◆ **What to work on**
Copy the records below in full, changing no character.

◆ **Input**
◆ ◆ ◆ ◆

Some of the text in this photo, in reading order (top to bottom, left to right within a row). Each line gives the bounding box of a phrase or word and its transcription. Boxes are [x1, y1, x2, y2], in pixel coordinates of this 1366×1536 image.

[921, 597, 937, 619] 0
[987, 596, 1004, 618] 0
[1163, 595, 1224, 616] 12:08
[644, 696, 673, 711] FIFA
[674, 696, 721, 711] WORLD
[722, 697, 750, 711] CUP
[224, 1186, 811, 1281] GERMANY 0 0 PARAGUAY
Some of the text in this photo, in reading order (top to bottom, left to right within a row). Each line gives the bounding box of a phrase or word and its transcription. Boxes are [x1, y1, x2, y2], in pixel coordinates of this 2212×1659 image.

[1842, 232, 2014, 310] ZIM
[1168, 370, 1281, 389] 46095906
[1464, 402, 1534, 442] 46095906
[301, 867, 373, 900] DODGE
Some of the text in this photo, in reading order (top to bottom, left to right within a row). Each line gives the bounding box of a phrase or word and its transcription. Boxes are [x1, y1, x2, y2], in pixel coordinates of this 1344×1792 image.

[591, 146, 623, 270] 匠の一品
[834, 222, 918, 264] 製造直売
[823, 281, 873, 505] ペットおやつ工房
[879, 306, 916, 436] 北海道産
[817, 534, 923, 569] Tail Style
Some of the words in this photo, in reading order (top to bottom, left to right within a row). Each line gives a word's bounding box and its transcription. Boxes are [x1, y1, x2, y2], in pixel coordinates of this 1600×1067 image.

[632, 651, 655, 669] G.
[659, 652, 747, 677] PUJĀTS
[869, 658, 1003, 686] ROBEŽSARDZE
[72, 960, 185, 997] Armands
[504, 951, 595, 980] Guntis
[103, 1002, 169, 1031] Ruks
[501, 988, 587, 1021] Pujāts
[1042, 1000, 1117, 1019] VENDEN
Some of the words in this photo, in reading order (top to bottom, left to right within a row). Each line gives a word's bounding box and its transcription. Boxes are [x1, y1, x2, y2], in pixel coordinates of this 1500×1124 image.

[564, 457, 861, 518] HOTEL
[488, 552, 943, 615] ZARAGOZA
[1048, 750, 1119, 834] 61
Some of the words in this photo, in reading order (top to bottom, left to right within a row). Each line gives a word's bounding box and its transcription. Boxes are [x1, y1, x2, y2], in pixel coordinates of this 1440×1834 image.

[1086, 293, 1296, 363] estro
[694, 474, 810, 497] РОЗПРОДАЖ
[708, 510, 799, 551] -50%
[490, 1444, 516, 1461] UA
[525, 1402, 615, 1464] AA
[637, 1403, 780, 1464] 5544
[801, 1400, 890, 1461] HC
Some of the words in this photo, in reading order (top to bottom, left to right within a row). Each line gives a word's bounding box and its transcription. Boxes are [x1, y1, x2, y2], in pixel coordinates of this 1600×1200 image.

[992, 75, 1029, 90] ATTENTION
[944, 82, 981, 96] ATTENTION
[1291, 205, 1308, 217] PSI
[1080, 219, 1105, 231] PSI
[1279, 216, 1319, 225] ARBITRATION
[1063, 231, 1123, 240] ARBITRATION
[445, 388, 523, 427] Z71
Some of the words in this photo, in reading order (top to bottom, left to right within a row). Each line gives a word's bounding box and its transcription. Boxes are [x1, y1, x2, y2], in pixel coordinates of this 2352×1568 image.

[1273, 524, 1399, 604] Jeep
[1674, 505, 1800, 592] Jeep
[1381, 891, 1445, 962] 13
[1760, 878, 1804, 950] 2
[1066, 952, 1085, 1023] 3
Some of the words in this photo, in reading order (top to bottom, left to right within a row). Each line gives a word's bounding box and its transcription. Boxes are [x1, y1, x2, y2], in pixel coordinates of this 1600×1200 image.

◆ ◆ ◆ ◆

◆ **Exercise result**
Some of the text in this photo, in reading order (top to bottom, left to right within a row). Each line gives the bounding box of a phrase or word and its transcription. Boxes are [x1, y1, x2, y2], in pixel coordinates of this 1366×1536 image.

[921, 597, 937, 619] 0
[987, 596, 1004, 618] 0
[1163, 595, 1224, 616] 12:08
[644, 696, 673, 711] FIFA
[674, 696, 721, 711] WORLD
[722, 697, 750, 711] CUP
[224, 1186, 811, 1281] GERMANY 0 0 PARAGUAY
Some of the text in this photo, in reading order (top to bottom, left to right within a row). Each line gives the bounding box of a phrase or word and its transcription. Boxes are [x1, y1, x2, y2], in pixel coordinates of this 2212×1659 image.

[1842, 232, 2014, 310] ZIM
[1168, 370, 1281, 389] 46095906
[1464, 402, 1534, 442] 46095906
[301, 867, 373, 900] DODGE
Some of the text in this photo, in reading order (top to bottom, left to right within a row). Each line gives the bounding box of a phrase or word and its transcription. Boxes are [x1, y1, x2, y2], in pixel coordinates of this 1344×1792 image.

[591, 146, 623, 270] 匠の一品
[834, 222, 918, 264] 製造直売
[823, 281, 873, 505] ペットおやつ工房
[879, 306, 916, 436] 北海道産
[817, 534, 923, 569] Tail Style
Some of the words in this photo, in reading order (top to bottom, left to right within a row). Each line gives a word's bounding box and its transcription. Boxes are [x1, y1, x2, y2], in pixel coordinates of this 1600×1067 image.

[632, 651, 655, 669] G.
[659, 652, 747, 677] PUJĀTS
[869, 658, 1003, 686] ROBEŽSARDZE
[72, 960, 185, 997] Armands
[504, 951, 595, 980] Guntis
[103, 1002, 169, 1031] Ruks
[501, 988, 587, 1021] Pujāts
[1042, 1000, 1117, 1019] VENDEN
Some of the words in this photo, in reading order (top to bottom, left to right within a row). Each line gives a word's bounding box and its transcription. Boxes are [x1, y1, x2, y2], in pixel coordinates of this 1500×1124 image.

[564, 457, 861, 518] HOTEL
[488, 552, 943, 615] ZARAGOZA
[1048, 750, 1119, 834] 61
Some of the words in this photo, in reading order (top to bottom, left to right within a row). Each line gives a word's bounding box and its transcription. Boxes are [x1, y1, x2, y2], in pixel coordinates of this 1440×1834 image.

[1086, 293, 1296, 363] estro
[694, 474, 810, 497] РОЗПРОДАЖ
[708, 510, 799, 551] -50%
[490, 1444, 516, 1461] UA
[525, 1402, 615, 1464] AA
[637, 1403, 780, 1464] 5544
[801, 1400, 890, 1461] HC
Some of the words in this photo, in reading order (top to bottom, left to right within a row). Each line gives a word's bounding box and its transcription. Boxes are [x1, y1, x2, y2], in pixel coordinates of this 1600×1200 image.

[992, 75, 1029, 90] ATTENTION
[944, 82, 981, 96] ATTENTION
[1291, 205, 1308, 217] PSI
[1080, 219, 1105, 231] PSI
[1279, 216, 1319, 225] ARBITRATION
[1063, 231, 1123, 240] ARBITRATION
[445, 388, 523, 427] Z71
Some of the words in this photo, in reading order (top to bottom, left to right within a row). Each line gives a word's bounding box and its transcription. Boxes are [x1, y1, x2, y2], in pixel coordinates of this 2352×1568 image.

[1273, 524, 1399, 604] Jeep
[1674, 505, 1800, 592] Jeep
[1381, 891, 1445, 962] 13
[1760, 878, 1804, 950] 2
[1066, 952, 1085, 1023] 3
Some of the words in this photo, in reading order (top to bottom, left to right within a row). Each line gives a word's bounding box and its transcription. Boxes are [x1, y1, x2, y2], in pixel coordinates of this 1600×1200 image.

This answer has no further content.